Present-day investigations cannot adequately determine the risk of acute coronary syndromes.

It is an important irony that present-day clinical stress testing methods including exercise electrocardiogram, stress echocardiography and even coronary angiography are not able to demonstrate vulnerable coronary plaques at risk of rupture. A vulnerable plaque may in fact be invisible on clinical stress test and perhaps only visualized directly through less available techniques such as coronary angioscopy. Landmark pathological studies have deepened our understanding of the mechanisms behind acute coronary syndromes over the last decade.
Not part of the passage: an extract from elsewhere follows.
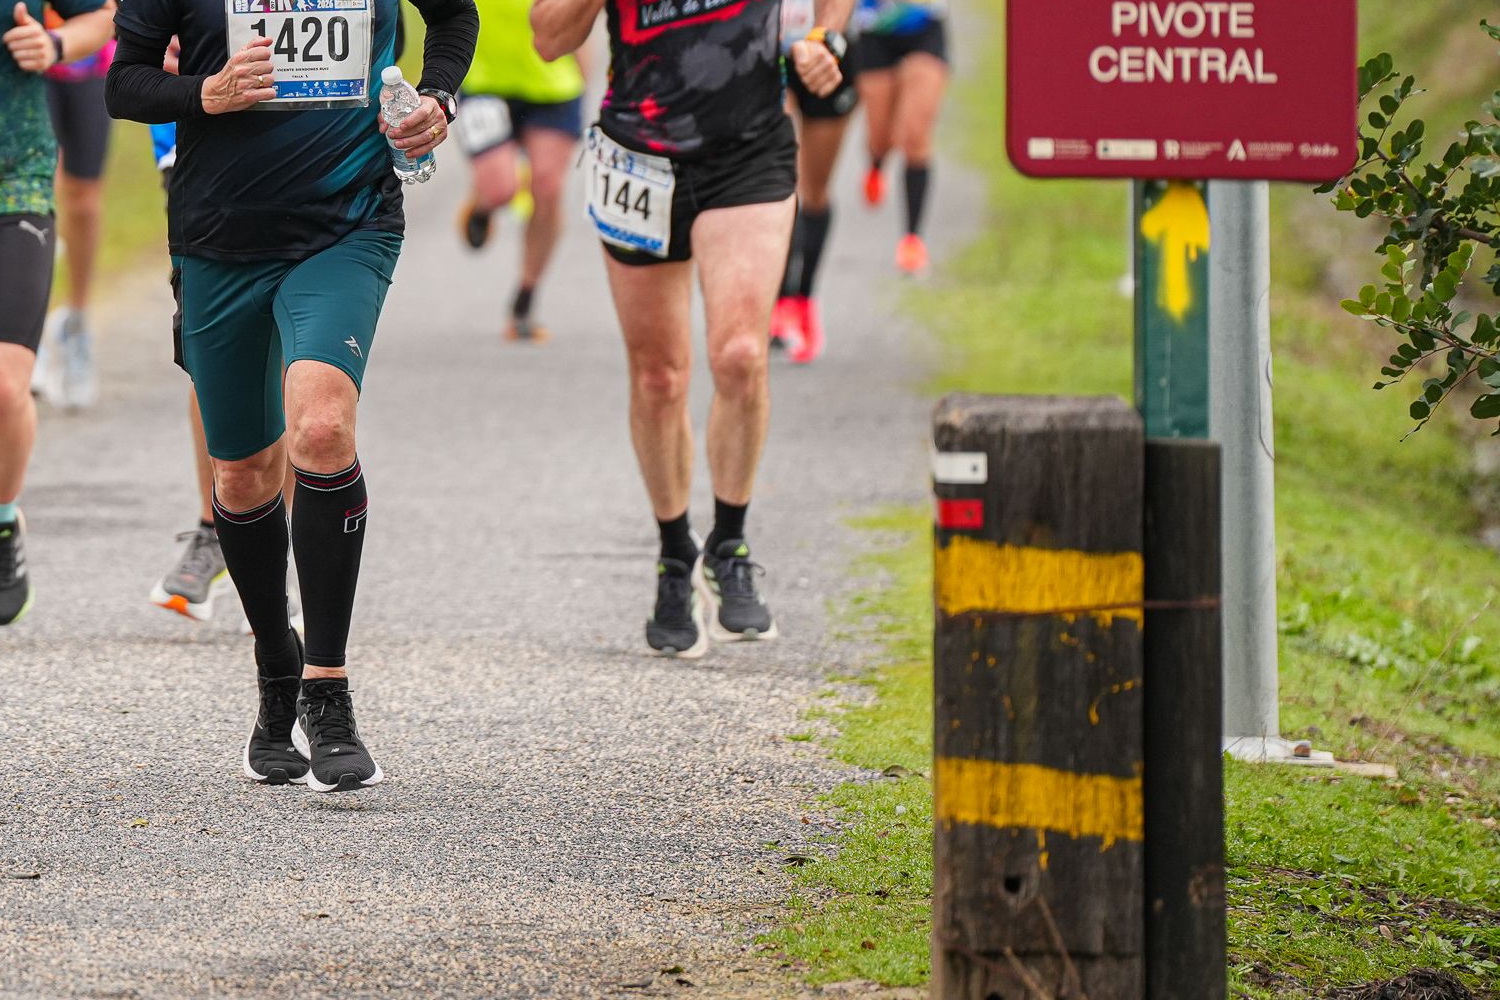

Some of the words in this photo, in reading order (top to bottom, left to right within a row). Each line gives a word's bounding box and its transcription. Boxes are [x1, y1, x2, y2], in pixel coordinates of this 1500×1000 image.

Thrombosis plays a key role and is a unifying feature in the pathogenesis. Platelet-rich thrombus superimposed over the disrupted atherosclerotic plaque or eroded plaque endothelium, with or without fibrin-thrombus extension, is evident in post-mortem necropsy and angioscopic studies. However features which contribute to the risk of acute events lie in the atherosclerotic plaque itself. Plaque content and not plaque size is the important factor. Clinical stress testing demonstrates plaque size but not plaque content. A plaque will be prone to rupture if it has only a thin cap and a proportionally larger lipid core. In such a plaque there is preponderance of activated macrophages and T-lymphocytes, and high activity of matrix metalloproteinases. Smooth muscle cell proliferation and collagen synthesis are downregulated. These features may serve as possible targets for devising clinical methods to detect plaques at risk or for reversing the risk in vulnerable plaques.